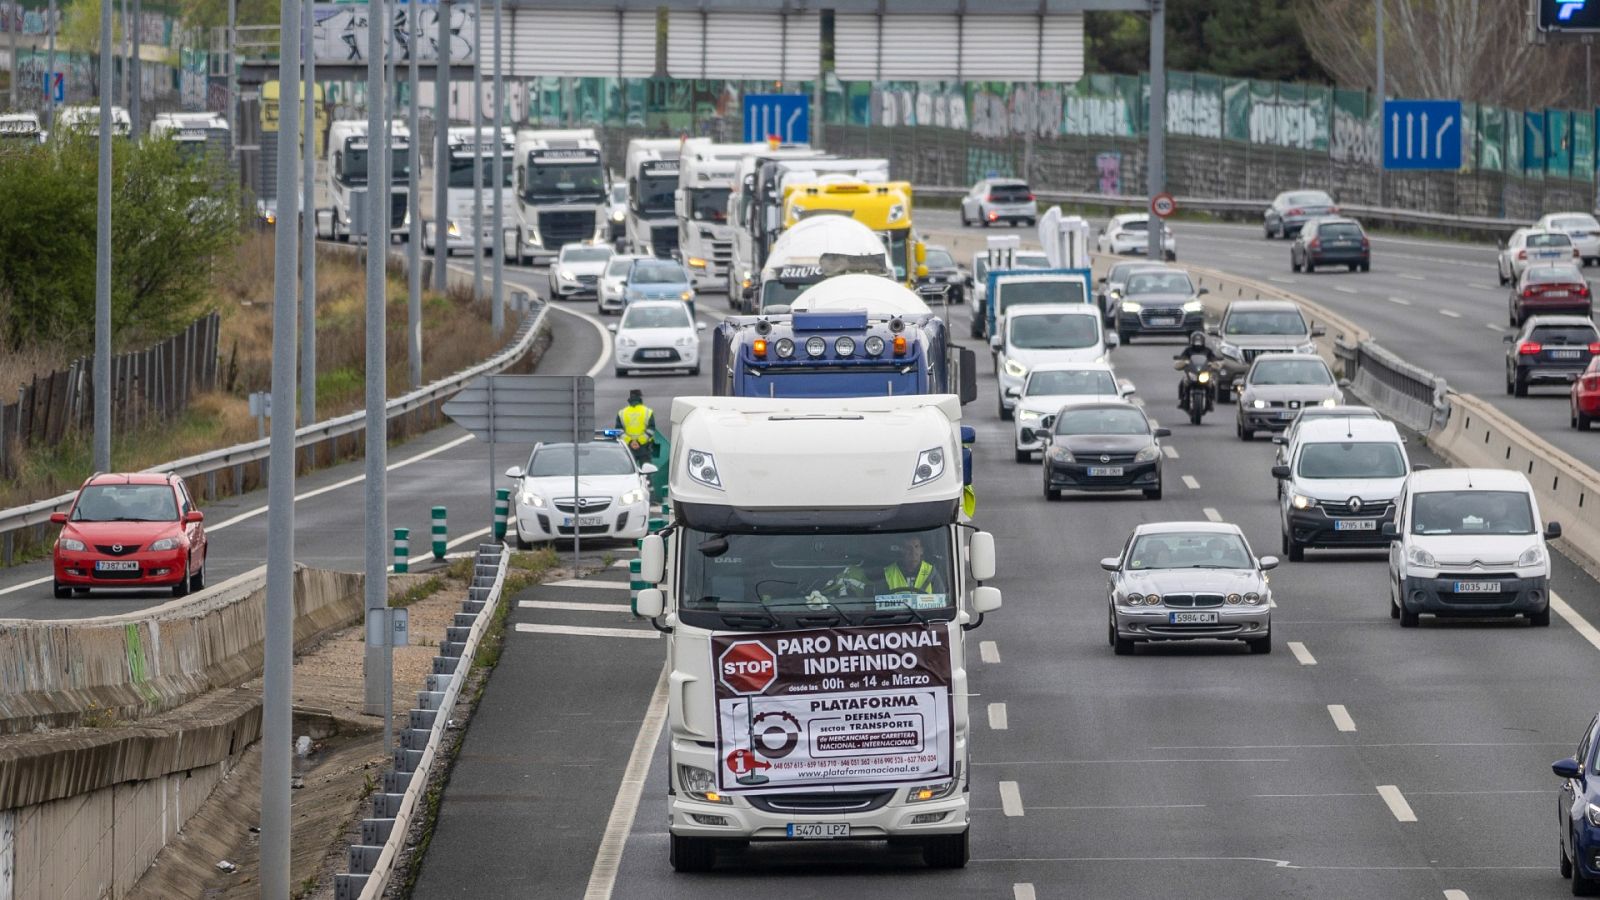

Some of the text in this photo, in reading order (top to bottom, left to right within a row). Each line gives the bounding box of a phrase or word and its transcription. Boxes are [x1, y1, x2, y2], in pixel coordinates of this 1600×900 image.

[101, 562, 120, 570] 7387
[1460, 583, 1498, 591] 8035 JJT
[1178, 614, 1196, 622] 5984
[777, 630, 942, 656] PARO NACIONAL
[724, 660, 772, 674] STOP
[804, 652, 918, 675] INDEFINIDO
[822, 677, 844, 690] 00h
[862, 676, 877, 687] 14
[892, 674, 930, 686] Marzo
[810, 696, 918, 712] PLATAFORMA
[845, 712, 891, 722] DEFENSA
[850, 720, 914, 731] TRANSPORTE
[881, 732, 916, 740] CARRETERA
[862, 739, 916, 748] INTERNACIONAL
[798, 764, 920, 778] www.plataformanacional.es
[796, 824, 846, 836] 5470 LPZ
::::::
__Instructions for the task__. Omit the pictures and set down the records exactly.

__Completed exercise__.
Some of the text in this photo, in reading order (top to bottom, left to right within a row). Each line gives the bounding box of a phrase or word and its transcription. Boxes are [x1, y1, x2, y2], in pixel coordinates of this 1600×900 image.

[101, 562, 120, 570] 7387
[1460, 583, 1498, 591] 8035 JJT
[1178, 614, 1196, 622] 5984
[777, 630, 942, 656] PARO NACIONAL
[724, 660, 772, 674] STOP
[804, 652, 918, 675] INDEFINIDO
[822, 677, 844, 690] 00h
[862, 676, 877, 687] 14
[892, 674, 930, 686] Marzo
[810, 696, 918, 712] PLATAFORMA
[845, 712, 891, 722] DEFENSA
[850, 720, 914, 731] TRANSPORTE
[881, 732, 916, 740] CARRETERA
[862, 739, 916, 748] INTERNACIONAL
[798, 764, 920, 778] www.plataformanacional.es
[796, 824, 846, 836] 5470 LPZ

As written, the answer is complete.